Ask HN: Do you use amphetamines to enhance your coding performance? - jdefr89
Personally I am prescribed VyVanse which a long acting amphetamine. I have Pure-O (a type of OCD) along with ADD which sometimes causes me to be in my own little world, a space cadet in class. When programming I generally don't need to take my amphetamines, only for boring mental work do I need it. However, it does help me a little bit more with my coding, I make less mistakes and my memory is a bit improved.

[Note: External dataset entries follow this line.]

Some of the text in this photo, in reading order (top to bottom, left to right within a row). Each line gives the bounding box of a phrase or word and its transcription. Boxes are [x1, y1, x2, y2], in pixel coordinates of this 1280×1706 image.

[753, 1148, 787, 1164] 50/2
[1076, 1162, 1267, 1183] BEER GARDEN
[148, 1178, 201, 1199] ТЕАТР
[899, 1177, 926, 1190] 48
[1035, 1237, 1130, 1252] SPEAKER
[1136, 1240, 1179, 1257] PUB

How many of you use Amphetamines or other drugs for programming or other intellectual heavy tasks (math or something)?
======
wagemanh4x
Didn't you ask this same question a few days ago? I seem to recall that this
same query was previously displayed on HN.

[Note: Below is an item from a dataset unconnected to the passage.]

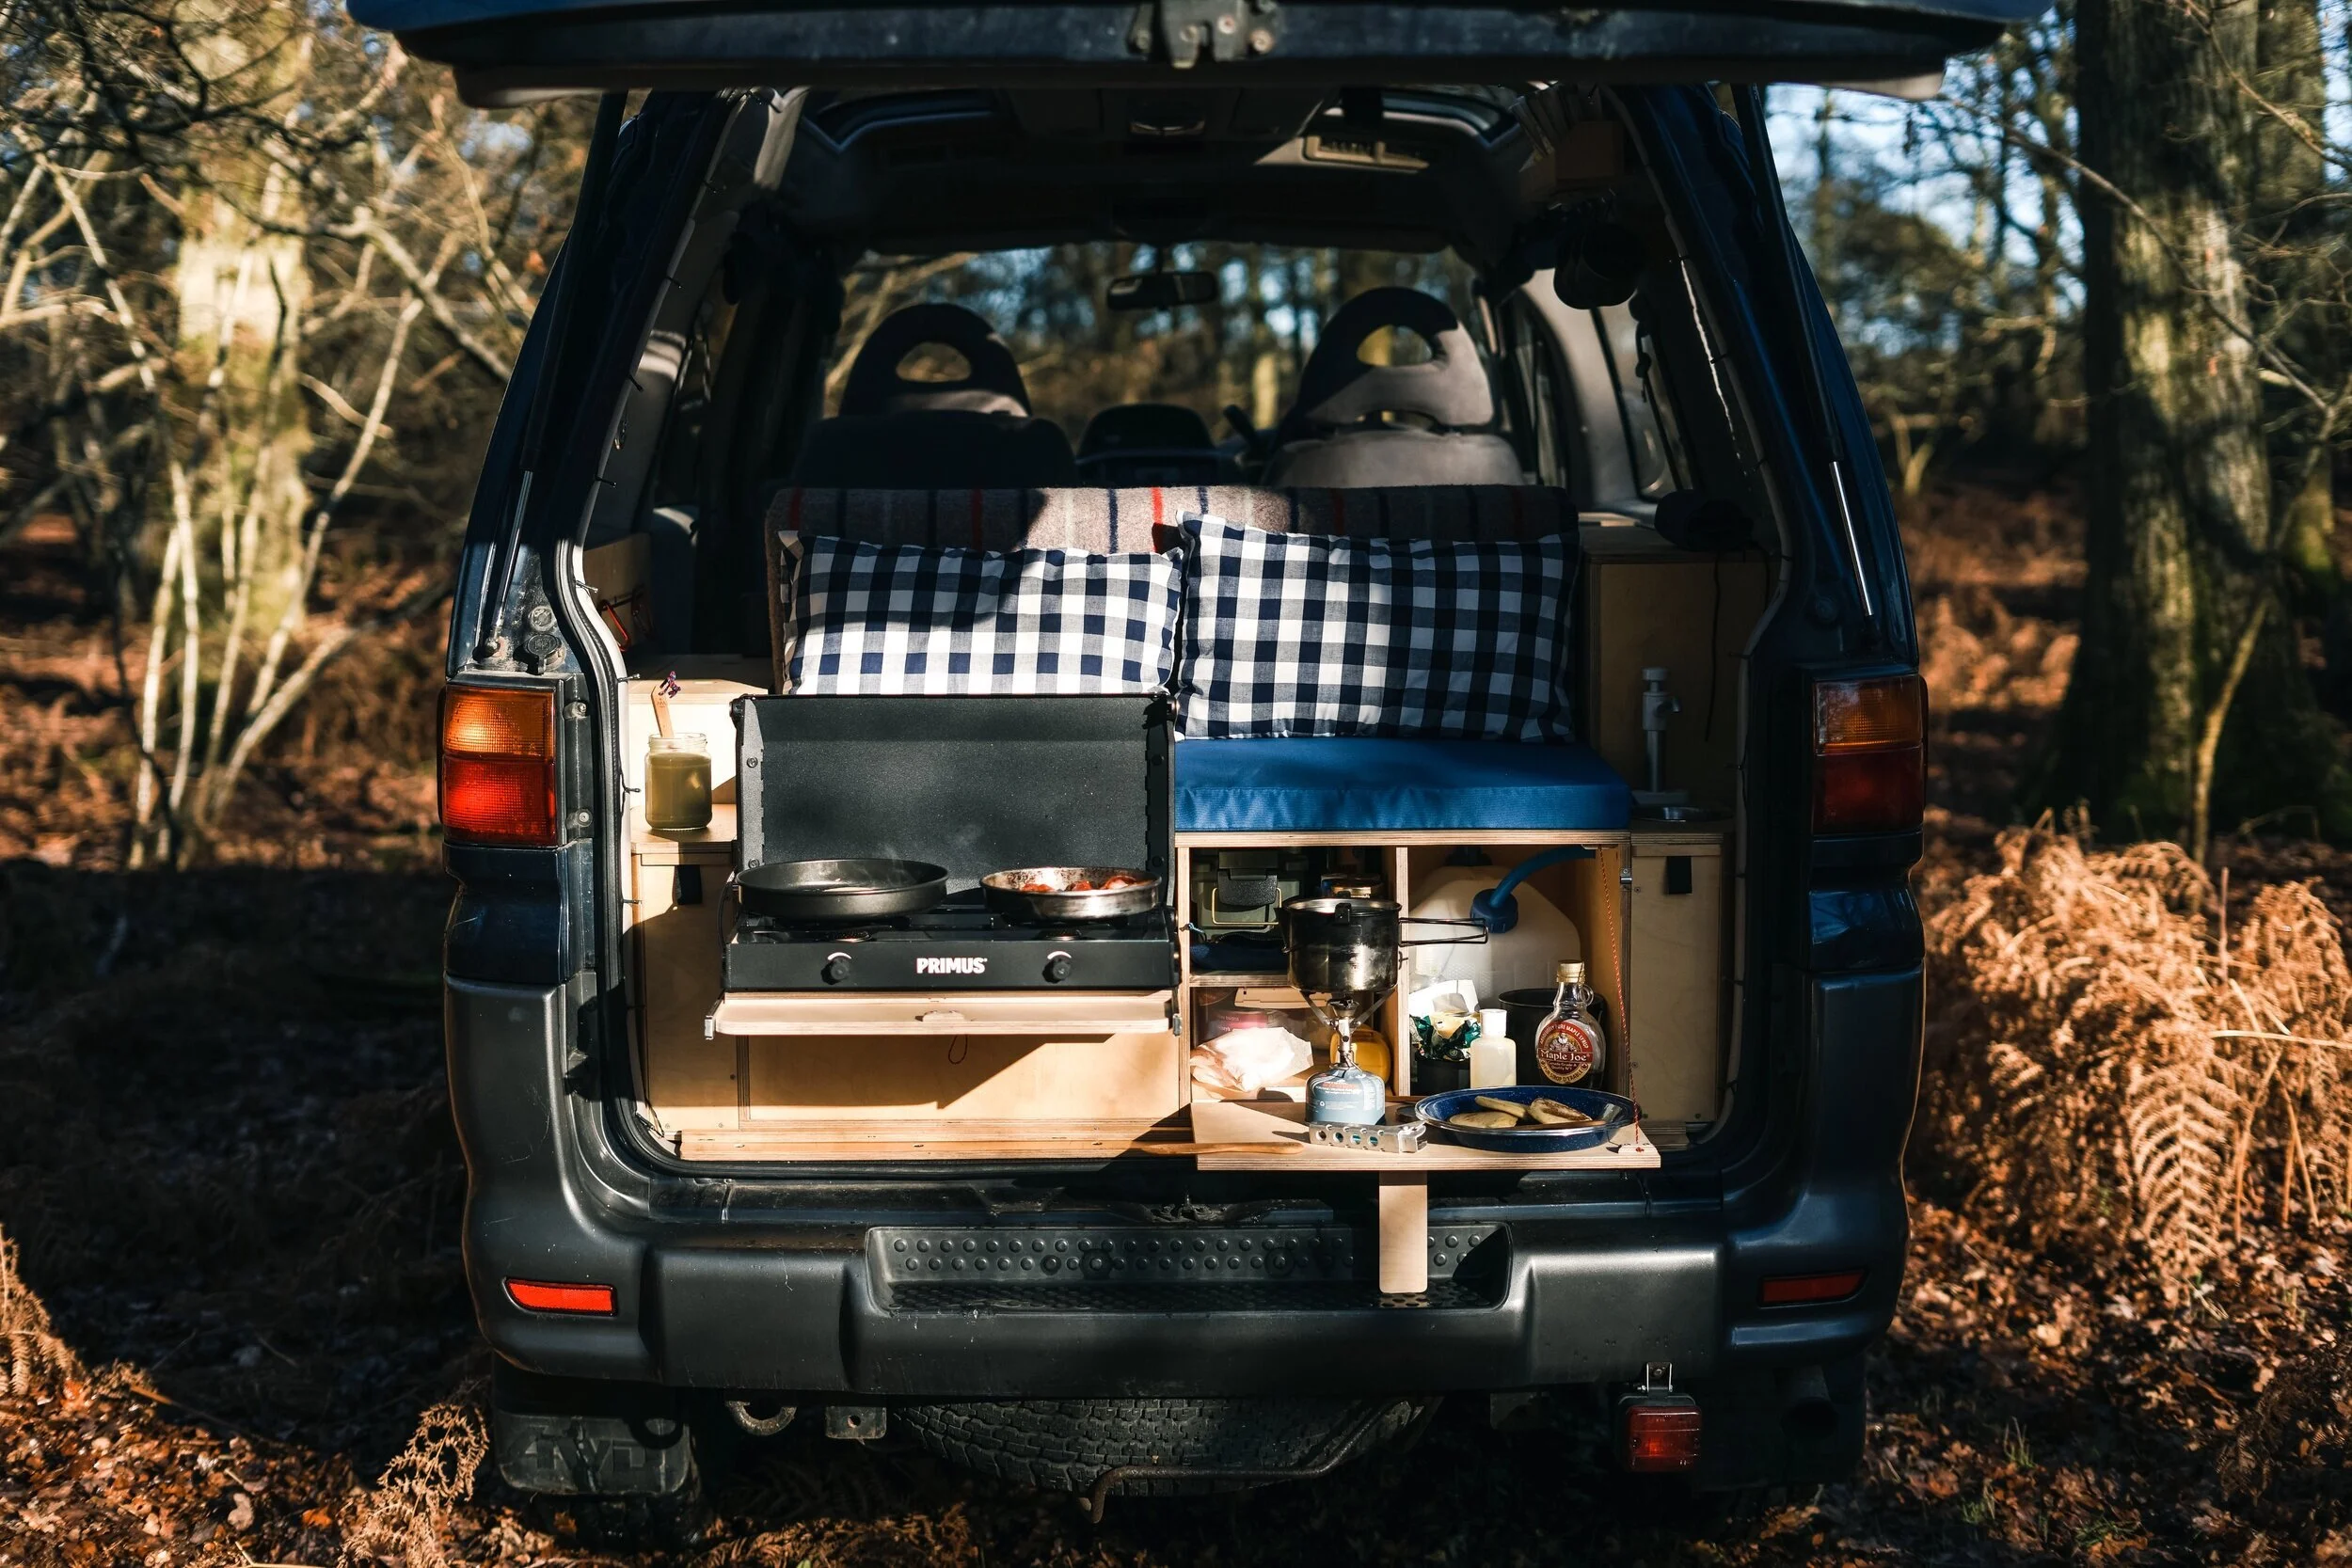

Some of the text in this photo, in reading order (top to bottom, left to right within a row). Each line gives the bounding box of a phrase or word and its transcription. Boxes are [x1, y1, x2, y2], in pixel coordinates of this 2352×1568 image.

[916, 958, 986, 974] PRIMUS
[1565, 1025, 1581, 1037] MAPLE
[1578, 1035, 1589, 1049] SYRUP
[1540, 1049, 1587, 1061] Maple Joe

I take amphetamines because it is part of the medication that has been
prescribed to me by a doctor for ADHD. I take my medication because it is nigh
impossible for me to do anything that I am not interested in for more than
five seconds. The unceasing flow of ideas and internal stimuli that I generate
by thinking can be rather bothersome as well. Life is difficult when you are
thinking of a solution to a problem, designing parts of software systems and
considering the best approach to dealing with someone you had a tiff with (and
more) all while you are supposed to be listening to your current boss, wife,
lover etc. Life becomes more difficult when you forget everything you are
supposed to be doing because you cannot pay attention long enough to finish
the three second task you meant to finish five seconds ago because you forgot
what that task was.

The beneficial effect of taking my medication is that I am better able to
write code that I am not interested in writing, give closer attention to
detail and generally operate like a human being without ADHD would operate.
There is more to ADHD than just lack of focus. Lack of focus and all of the
other things, lack of organization, forgetfulness, fidgeting, non-sequitur
outbursts in conversation, lack of follow through... All of those things are
why I take my medication and also the reason that I stopped listening to other
people telling me that I should stop taking meds.

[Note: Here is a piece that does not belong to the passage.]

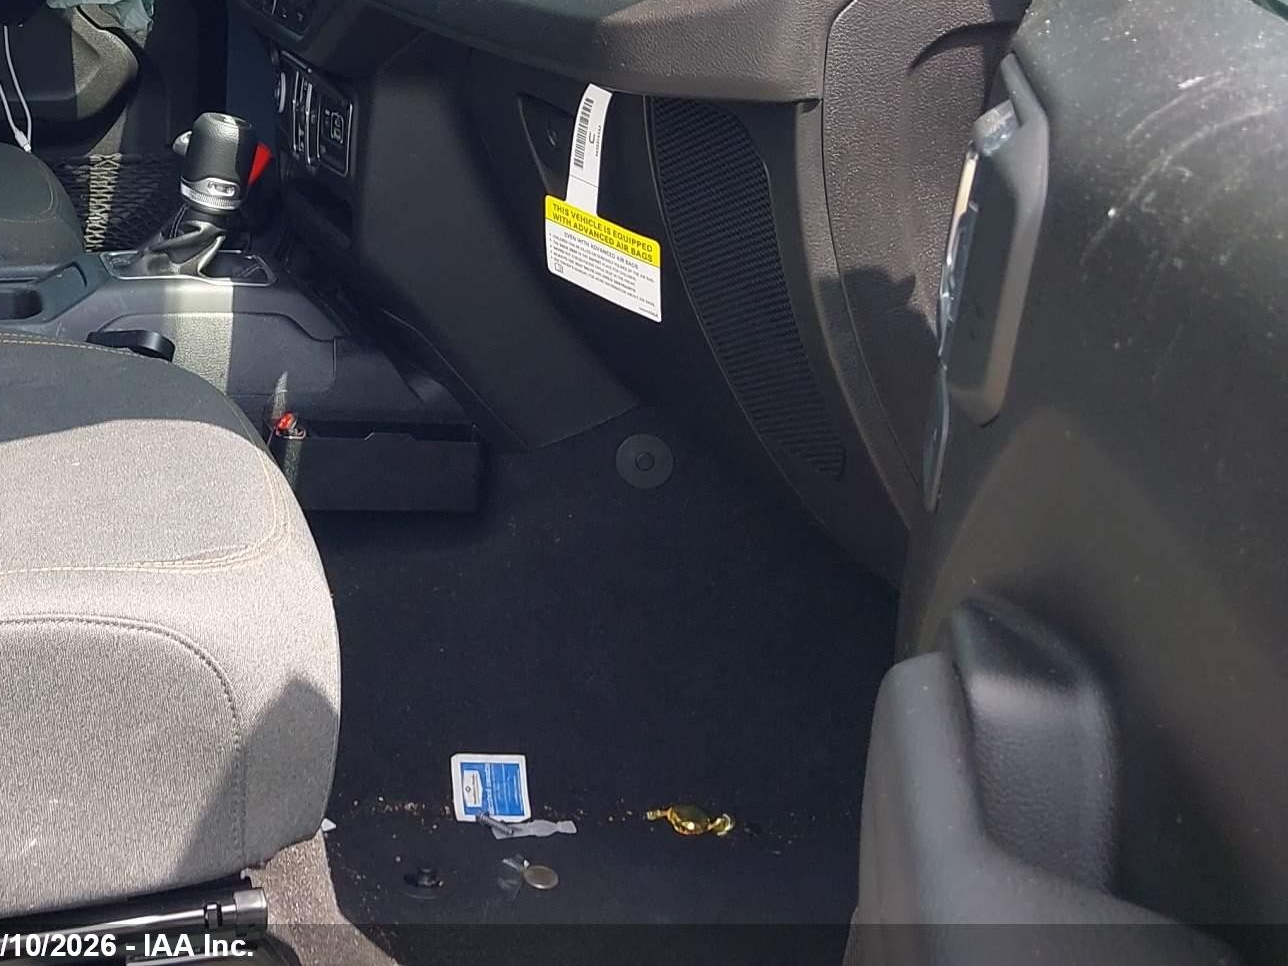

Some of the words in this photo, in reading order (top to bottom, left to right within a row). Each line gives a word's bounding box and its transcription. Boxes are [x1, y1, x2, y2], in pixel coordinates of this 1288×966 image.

I do not think anyone should take amphetamines for any other reason than a
real medical condition. I have no idea why they would want to. When I took
dexedrine for the first two weeks I felt like hell. I switched to an XR
dexedrine and I feel much better.

I know that adderall and dex are really popular with college kids to help them
study. I have had people ask me if I would give them my medication, I guess
they do not know or do not care that giving narcotic meds to people who do not
have a prescription is illegal...

To each their own I guess. If you want to take drugs to code that is your
deal. Why not just code without the meds if you can? I wish I could.

I guess I got a little ranty here. Sorry about that.